September 20, 2018 at 8:40 am #226469AnonymousGuestDear Annie:
Did I understand correctly: you shared your personal childhood experiences with your ex husband and he betrayed you by telling your family members what you shared, and he did so in a way that was accusatory of you?
If I understood correctly, his betrayal of you was horrible. The idea of going back to him is a bad, bad idea, an idea as horrible as his betrayal of you.
You mentioned your father, “I wanted my father’s love I lost it growing up because I couldn’t handle any person touchy”- will you share more about it, I don’t understand this sentence very well. If I understand what happened with your father, I may understand that something in what you wrote here: “something about me not loving myself”.
anita
September 20, 2018 at 9:31 am #226479AnnieParticipantI meant that since I suffered abuse I was scared of anyone’s touch. I couldn’t hug my Papa also. We never shared a hug after i grew up. Yes my ex husband thought I was seeing someone which I was not and hence stopped listening to him and he called up my relatives and father and told them we didn’t have kids because of this trauma and yes in accusatory way. He is a good case to let go. He is a strange character when I used to tell him his friend is checking me out which I’d don’t appreciate he used to ignore. So Anita he didn’t love me right. I can’t today also tell his flaws to anyone like that leave his relatives. That secret was all I had and now I am exposed within family.
- This reply was modified 6 years, 2 months ago by Annie.

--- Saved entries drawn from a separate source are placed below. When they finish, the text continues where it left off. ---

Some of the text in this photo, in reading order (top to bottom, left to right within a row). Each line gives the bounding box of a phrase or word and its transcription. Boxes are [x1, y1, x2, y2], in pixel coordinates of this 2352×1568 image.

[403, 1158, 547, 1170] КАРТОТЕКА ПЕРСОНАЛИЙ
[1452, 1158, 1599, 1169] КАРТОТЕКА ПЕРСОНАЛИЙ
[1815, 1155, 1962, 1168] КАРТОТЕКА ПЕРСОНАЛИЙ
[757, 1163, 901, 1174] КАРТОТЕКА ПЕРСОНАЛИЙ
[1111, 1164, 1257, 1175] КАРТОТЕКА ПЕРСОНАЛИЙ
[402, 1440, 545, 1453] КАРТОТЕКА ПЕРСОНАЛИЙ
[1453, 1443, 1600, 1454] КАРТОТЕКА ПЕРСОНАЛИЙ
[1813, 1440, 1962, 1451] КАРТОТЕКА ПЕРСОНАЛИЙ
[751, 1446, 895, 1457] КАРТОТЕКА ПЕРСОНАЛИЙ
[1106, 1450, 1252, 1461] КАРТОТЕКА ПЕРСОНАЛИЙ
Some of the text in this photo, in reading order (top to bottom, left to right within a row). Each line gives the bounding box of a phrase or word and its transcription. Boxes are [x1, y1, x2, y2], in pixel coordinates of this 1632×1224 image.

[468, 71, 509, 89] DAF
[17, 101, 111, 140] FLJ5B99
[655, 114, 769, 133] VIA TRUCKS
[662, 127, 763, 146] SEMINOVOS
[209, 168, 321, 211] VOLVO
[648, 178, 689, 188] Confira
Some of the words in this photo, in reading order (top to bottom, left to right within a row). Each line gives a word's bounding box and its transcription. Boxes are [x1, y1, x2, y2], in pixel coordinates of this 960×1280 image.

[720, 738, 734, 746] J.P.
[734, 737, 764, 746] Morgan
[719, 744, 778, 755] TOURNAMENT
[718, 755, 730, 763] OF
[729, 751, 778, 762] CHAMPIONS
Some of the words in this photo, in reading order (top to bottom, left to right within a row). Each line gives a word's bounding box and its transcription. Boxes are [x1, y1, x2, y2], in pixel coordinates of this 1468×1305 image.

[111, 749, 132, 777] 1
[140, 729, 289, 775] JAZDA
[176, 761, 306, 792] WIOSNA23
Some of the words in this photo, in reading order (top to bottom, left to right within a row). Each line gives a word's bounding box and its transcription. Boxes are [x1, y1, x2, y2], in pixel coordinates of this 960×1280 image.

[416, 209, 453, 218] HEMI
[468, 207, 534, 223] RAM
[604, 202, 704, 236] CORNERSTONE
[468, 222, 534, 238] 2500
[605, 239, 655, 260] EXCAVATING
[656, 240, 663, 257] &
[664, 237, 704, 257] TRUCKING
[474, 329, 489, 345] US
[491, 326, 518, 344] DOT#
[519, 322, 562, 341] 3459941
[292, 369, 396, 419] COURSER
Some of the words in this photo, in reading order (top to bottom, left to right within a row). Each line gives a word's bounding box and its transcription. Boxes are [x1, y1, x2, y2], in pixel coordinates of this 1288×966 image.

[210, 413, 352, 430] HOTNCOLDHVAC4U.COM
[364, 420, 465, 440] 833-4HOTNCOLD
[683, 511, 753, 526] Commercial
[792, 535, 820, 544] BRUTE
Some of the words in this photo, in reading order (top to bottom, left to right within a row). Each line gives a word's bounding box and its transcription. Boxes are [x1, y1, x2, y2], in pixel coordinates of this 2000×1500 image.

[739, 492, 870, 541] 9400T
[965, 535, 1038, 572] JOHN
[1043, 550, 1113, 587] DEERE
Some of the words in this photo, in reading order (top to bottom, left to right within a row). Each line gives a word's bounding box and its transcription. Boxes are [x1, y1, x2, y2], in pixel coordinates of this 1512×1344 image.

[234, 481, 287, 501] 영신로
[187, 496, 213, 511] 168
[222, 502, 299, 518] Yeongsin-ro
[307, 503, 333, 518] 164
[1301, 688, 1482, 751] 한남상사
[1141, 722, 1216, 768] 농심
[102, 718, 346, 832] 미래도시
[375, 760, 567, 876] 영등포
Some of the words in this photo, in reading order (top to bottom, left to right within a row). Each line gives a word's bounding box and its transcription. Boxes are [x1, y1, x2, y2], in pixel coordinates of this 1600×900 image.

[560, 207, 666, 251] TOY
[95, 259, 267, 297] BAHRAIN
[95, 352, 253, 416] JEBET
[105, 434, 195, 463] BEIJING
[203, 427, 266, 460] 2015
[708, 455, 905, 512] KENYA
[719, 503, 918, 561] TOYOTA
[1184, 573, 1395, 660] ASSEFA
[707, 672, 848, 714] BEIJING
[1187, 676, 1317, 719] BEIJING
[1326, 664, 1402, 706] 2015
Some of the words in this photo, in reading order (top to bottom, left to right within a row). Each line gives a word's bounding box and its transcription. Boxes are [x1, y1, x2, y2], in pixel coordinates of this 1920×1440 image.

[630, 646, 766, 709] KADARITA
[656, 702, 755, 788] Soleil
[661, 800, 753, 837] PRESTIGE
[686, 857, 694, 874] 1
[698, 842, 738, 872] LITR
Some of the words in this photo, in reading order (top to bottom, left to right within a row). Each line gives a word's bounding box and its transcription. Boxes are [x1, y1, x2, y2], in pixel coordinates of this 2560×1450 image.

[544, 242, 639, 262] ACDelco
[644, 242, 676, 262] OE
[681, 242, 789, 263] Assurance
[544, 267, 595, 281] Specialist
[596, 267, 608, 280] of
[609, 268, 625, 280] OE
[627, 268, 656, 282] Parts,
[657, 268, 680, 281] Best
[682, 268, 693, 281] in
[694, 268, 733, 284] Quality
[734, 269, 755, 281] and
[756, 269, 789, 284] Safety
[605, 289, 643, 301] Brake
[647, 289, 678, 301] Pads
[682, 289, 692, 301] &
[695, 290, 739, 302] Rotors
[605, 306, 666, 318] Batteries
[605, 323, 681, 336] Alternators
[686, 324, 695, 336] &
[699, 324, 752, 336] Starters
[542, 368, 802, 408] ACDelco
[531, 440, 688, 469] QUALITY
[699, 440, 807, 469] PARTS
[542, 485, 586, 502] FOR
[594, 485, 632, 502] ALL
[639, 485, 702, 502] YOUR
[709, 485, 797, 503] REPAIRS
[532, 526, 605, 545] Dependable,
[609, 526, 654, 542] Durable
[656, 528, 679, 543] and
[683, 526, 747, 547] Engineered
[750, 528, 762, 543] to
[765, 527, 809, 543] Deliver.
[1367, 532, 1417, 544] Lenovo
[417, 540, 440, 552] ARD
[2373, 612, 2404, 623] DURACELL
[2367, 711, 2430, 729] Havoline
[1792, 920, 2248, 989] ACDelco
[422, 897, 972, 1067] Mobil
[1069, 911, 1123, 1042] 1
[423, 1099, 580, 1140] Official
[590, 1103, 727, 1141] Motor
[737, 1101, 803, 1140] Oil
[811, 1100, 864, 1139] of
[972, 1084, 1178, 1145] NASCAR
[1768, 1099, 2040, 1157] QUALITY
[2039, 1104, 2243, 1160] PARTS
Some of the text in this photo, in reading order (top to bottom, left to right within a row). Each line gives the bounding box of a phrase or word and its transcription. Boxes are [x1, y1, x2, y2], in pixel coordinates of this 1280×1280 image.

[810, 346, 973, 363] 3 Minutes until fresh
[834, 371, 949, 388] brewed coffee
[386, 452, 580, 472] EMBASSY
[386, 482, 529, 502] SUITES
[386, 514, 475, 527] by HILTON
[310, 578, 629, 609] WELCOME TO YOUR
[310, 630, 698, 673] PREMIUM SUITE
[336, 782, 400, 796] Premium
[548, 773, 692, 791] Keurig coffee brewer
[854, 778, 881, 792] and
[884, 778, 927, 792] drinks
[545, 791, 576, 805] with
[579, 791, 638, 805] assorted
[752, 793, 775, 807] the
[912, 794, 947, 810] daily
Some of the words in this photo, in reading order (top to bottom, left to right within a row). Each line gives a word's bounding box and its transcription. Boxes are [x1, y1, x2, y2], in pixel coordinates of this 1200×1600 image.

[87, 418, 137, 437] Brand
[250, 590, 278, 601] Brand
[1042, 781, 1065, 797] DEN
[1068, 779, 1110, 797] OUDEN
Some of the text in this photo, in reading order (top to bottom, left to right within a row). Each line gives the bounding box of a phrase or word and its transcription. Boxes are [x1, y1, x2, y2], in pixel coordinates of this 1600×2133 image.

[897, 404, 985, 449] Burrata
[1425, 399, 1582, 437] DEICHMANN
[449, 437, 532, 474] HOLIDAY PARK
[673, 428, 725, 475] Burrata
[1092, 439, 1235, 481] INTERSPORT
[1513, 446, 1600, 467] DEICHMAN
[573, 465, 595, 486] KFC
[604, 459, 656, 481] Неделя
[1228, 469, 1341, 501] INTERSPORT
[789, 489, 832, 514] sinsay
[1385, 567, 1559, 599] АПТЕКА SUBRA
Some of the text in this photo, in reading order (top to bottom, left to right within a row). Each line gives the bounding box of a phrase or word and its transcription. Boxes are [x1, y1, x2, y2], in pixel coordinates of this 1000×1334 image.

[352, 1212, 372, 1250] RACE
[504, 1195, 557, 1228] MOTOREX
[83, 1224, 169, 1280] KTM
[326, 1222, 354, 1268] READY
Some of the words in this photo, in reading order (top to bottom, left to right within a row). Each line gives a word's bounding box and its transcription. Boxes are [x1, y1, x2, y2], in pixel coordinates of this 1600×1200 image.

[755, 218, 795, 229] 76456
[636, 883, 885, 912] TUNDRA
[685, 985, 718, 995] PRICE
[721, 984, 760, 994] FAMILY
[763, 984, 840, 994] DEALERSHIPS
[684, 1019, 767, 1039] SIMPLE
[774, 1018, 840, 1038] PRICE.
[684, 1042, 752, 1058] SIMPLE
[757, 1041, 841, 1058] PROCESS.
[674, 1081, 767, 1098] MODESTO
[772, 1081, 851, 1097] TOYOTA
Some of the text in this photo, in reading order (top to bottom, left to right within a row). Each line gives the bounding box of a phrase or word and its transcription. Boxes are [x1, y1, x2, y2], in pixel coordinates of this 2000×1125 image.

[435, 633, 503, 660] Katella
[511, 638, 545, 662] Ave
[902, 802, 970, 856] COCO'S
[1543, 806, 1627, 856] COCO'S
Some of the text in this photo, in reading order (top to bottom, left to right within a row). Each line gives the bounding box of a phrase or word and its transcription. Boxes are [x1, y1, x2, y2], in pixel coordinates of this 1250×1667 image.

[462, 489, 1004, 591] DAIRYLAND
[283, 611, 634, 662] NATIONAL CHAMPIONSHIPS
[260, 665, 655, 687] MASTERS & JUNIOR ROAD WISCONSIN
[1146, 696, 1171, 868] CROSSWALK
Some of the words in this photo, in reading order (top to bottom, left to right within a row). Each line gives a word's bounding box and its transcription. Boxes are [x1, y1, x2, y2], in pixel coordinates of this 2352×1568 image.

September 20, 2018 at 10:21 am #226491AnonymousGuestDear Annie:
His betrayal of you was horrible indeed, is horrible because you still suffer for it. I know the feeling of being betrayed, how it shatters one’s world, sort of creates a hole in the ground where I kept falling and falling. I remember.
“That secret was all I had and now I am exposed within family”- but you do have more, the life in you, the life that is yet to be lived, things to discover, to learn. Protect that life that is left from people who don’t deserve you in their lives.
I am sorry you were betrayed by him. I wish it didn’t happen.
When I was betrayed I felt I deserved it. Now I understand that I didn’t deserve it.
anita
September 20, 2018 at 11:00 pm #226555AnnieParticipantYou were betrayed. I am sorry to hear that. While you agree with me in my heart i cant agree with myself. I feel i am the one responsible for everything happening. Noone else is responsible, what should i do with the thoughts. i am battling with them but they are getting louder.
September 21, 2018 at 5:10 am #226573AnonymousGuestDear Annie:
Your thoughts that are getting louder, telling you that you are “responsible for everything happening”, can you list those things happening that you feel responsible for, 1, 2, 3 and so on? If you do, try to make the list clear and simple, so that it is easier for me to understand each item on the list.